At the time of writing, Brent crude was trading at $73.68 per barrel, with West Texas Intermediate at $70.26 per barrel. Both were down by over 2.4% from the market’s opening.
“The initial signs have been favourable for the Republicans and while it’s still early days, U.S. yields and the U.S. dollar are both trading higher,” IG analyst Tony Sycamore told Reuters. “This in turn is weighing on the crude oil price which has had a good run in recent sessions,” he added.

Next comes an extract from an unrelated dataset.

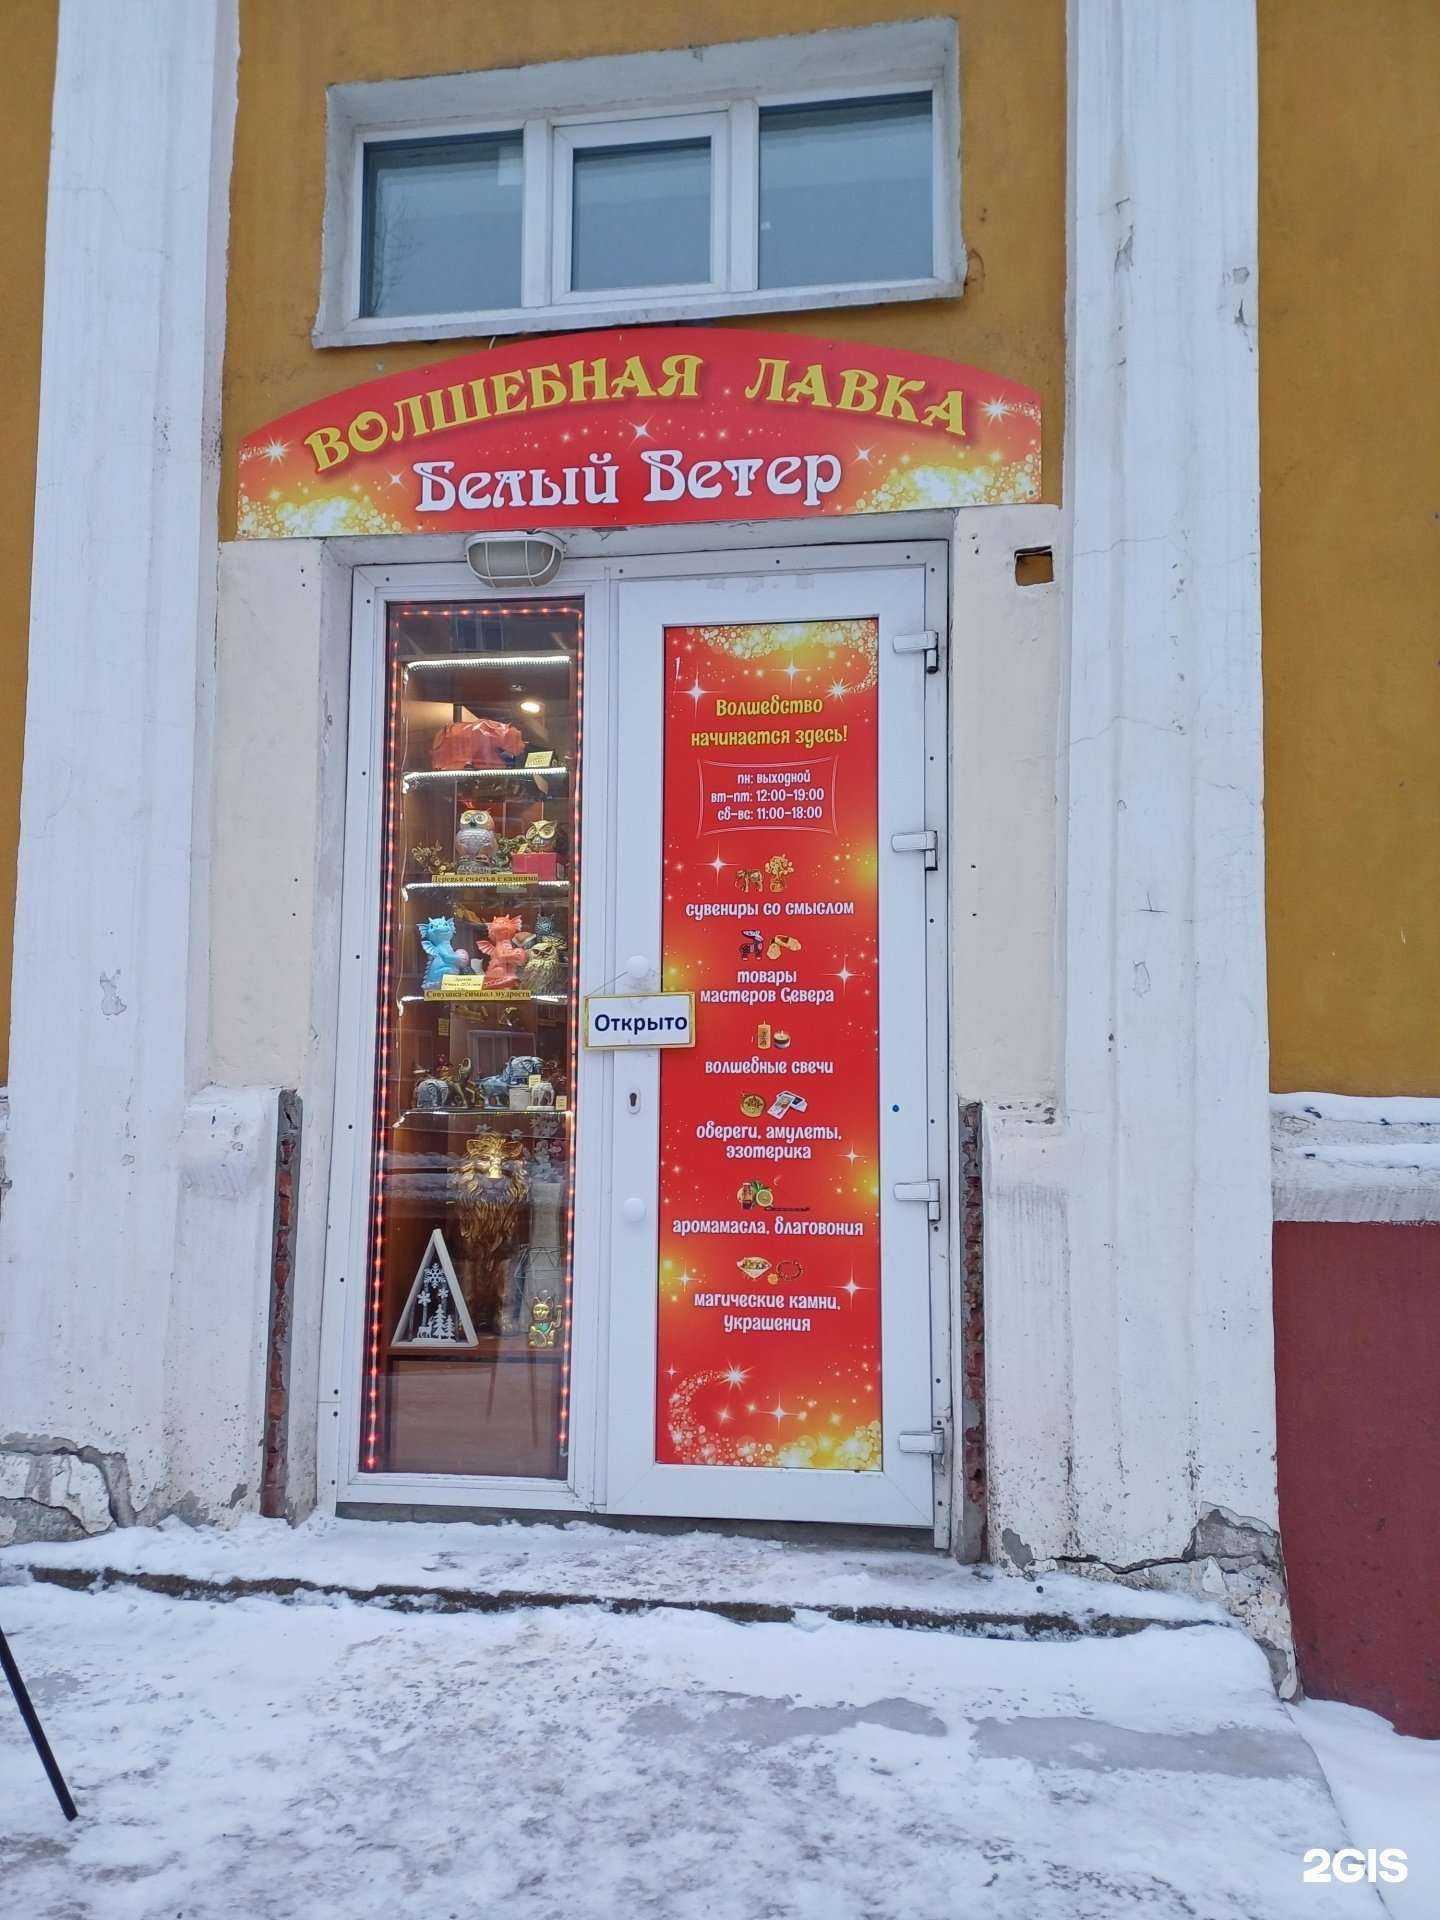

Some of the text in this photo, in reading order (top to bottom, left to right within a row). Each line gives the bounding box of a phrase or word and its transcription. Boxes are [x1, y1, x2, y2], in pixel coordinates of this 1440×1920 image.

“US foreign policy is shaping up to be a potential factor for oil markets in the near term,” especially with regard to Iran, Commonwealth Bank of Australia analyst Vivek Dhar told Bloomberg. He added that “markets now must consider whether OPEC+ will perennially be forced to push their decision to reverse their voluntary oil production cuts.”
“If Trump wins, it is bullish for the oil market in the short-term due to prospects of tighter sanctions on Iranian oil,” ANZ Research analyst Soni Kumari told Reuters.

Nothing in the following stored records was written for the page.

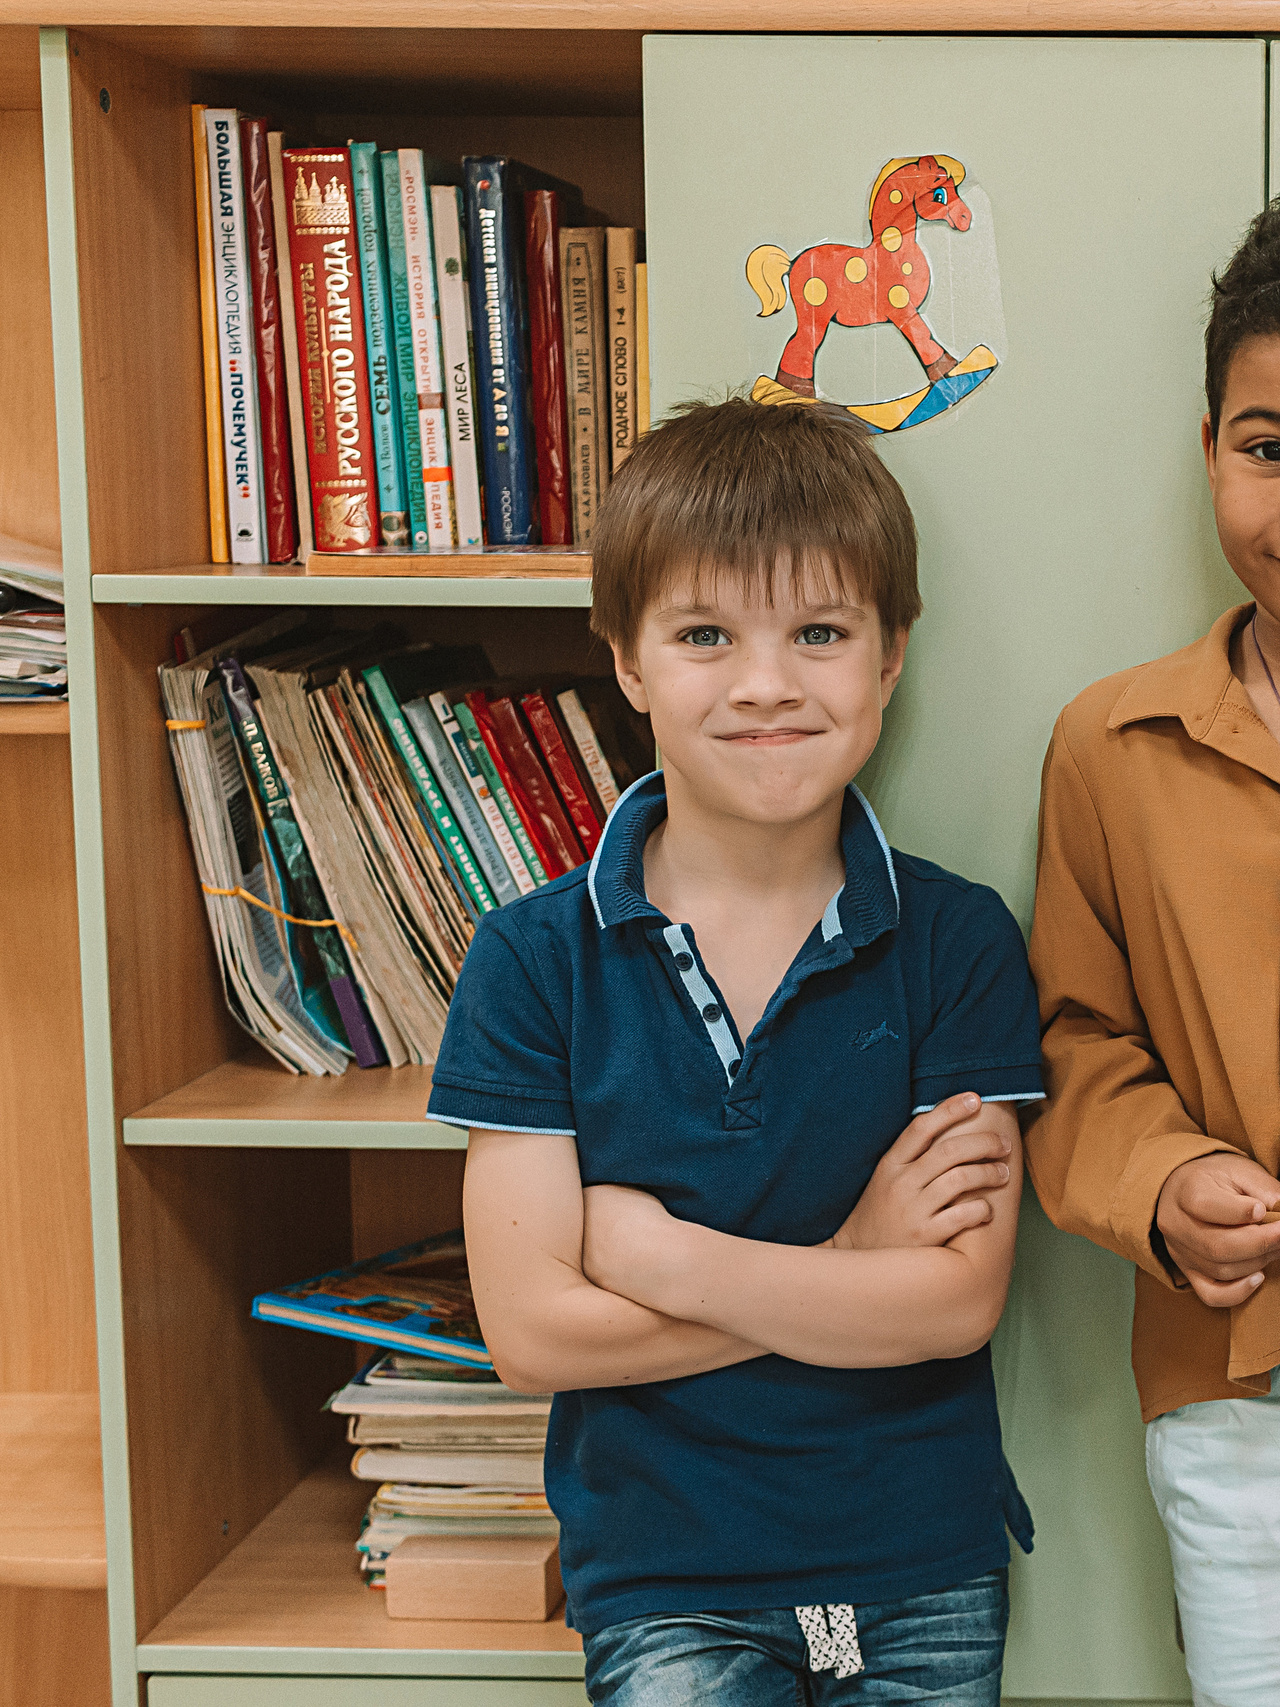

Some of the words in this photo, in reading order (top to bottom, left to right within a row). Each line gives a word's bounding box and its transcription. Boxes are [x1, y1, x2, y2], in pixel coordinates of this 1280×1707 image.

[214, 120, 233, 217] БОЛЬШАЯ
[355, 187, 377, 252] королей
[477, 207, 495, 264] Детская
[220, 221, 241, 355] ЭНЦИКЛОПЕДИЯ
[299, 262, 320, 361] КУЛЬТУРЫ
[322, 238, 354, 343] НАРОДА
[364, 261, 384, 347] подземных
[391, 274, 409, 340] ЖИВОЙ
[409, 255, 425, 319] ИСТОРИЯ
[480, 267, 504, 366] энциклопедия
[571, 276, 588, 334] КАМНЯ
[372, 355, 390, 415] СЕМЬ
[397, 343, 413, 381] МИР
[415, 329, 432, 395] ОТКРЫТИ
[453, 362, 468, 404] ЛЕСА
[575, 347, 590, 394] МИРЕ
[614, 336, 627, 385] СЛОВО
[308, 368, 325, 453] ИСТОРИЯ
[330, 347, 362, 476] РУССКОГО
[456, 406, 471, 441] МИР
[492, 387, 507, 400] А
[493, 403, 508, 420] до
[578, 406, 591, 415] В
[615, 391, 629, 448] РОДНОЕ
[401, 391, 426, 521] ЭНЦИКЛОПЕДИЯ
[495, 425, 509, 436] Я
[423, 418, 444, 529] ЭНЦИКПЕДИЯ
[391, 716, 443, 809] ЭРУДИЦИЮ
[440, 815, 451, 828] И
[496, 786, 521, 825] БЕЖАЛ
[514, 826, 536, 860] ЕЖИК
[530, 859, 544, 877] ПО
[449, 833, 493, 912] НТЕЛЛЕКТ

Bloomberg meanwhile reported that oil traders are piling into bullish bets in case of a spike in Middle Eastern tensions that could lead to much higher oil prices. The report cited data showing that on Monday alone, some 10 million barrels worth of call options for December were traded at a price spread of $90/$100 per barrel. The expiry date for the contracts is November 15.
The Monday trade volume is an extension of a rather bullish October: interest in call options on higher oil prices reached a record high last month, per Bloomberg, which also noted that even after the price retreat following Israel’s retaliatory strike against Iran, premiums on call options versus put options remain at the highest since Russia’s invasion in the Ukraine in February 2022.